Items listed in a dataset
------------------------------------------------
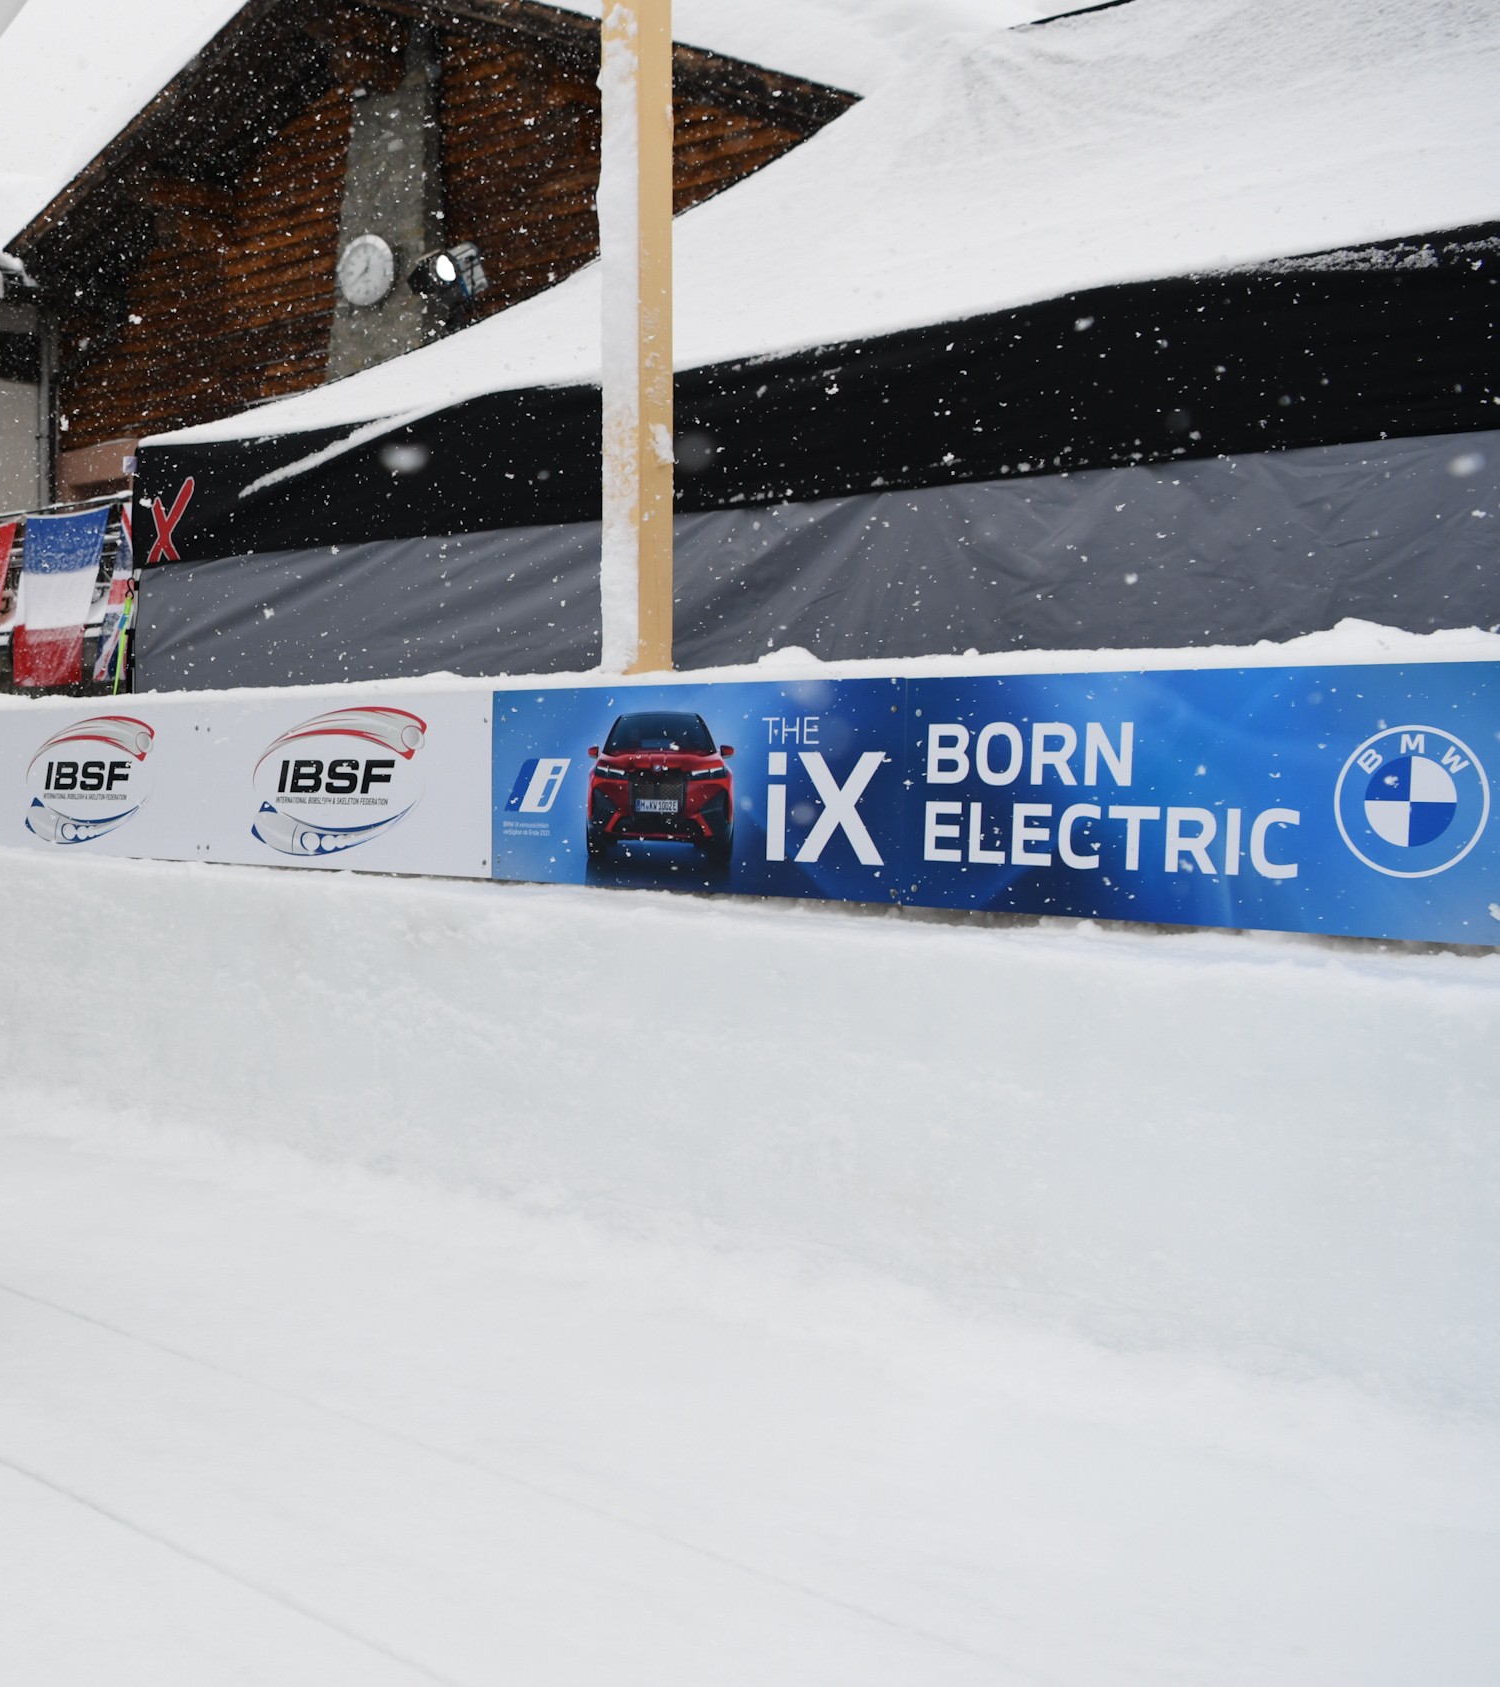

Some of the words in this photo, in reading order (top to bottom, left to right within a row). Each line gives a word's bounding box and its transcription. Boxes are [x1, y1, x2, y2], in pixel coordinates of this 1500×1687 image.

[762, 716, 820, 745] THE
[926, 721, 1134, 787] BORN
[1356, 733, 1470, 774] BMW
[44, 761, 132, 791] IBSF
[277, 759, 396, 794] IBSF
[276, 796, 307, 804] INTERNATIONAL
[336, 797, 359, 805] SKELETON
[360, 797, 388, 806] FEDERATION
[765, 750, 887, 866] iX
[924, 800, 1301, 879] ELECTRIC
------------------------------------------------
#### Problem details
Verbatim reproduction of every entry is needed, with the images left out.

#### Written solution
Some of the words in this photo, in reading order (top to bottom, left to right within a row). Each line gives a word's bounding box and its transcription. Boxes are [x1, y1, x2, y2], in pixel coordinates of this 1500×1687 image.

[762, 716, 820, 745] THE
[926, 721, 1134, 787] BORN
[1356, 733, 1470, 774] BMW
[44, 761, 132, 791] IBSF
[277, 759, 396, 794] IBSF
[276, 796, 307, 804] INTERNATIONAL
[336, 797, 359, 805] SKELETON
[360, 797, 388, 806] FEDERATION
[765, 750, 887, 866] iX
[924, 800, 1301, 879] ELECTRIC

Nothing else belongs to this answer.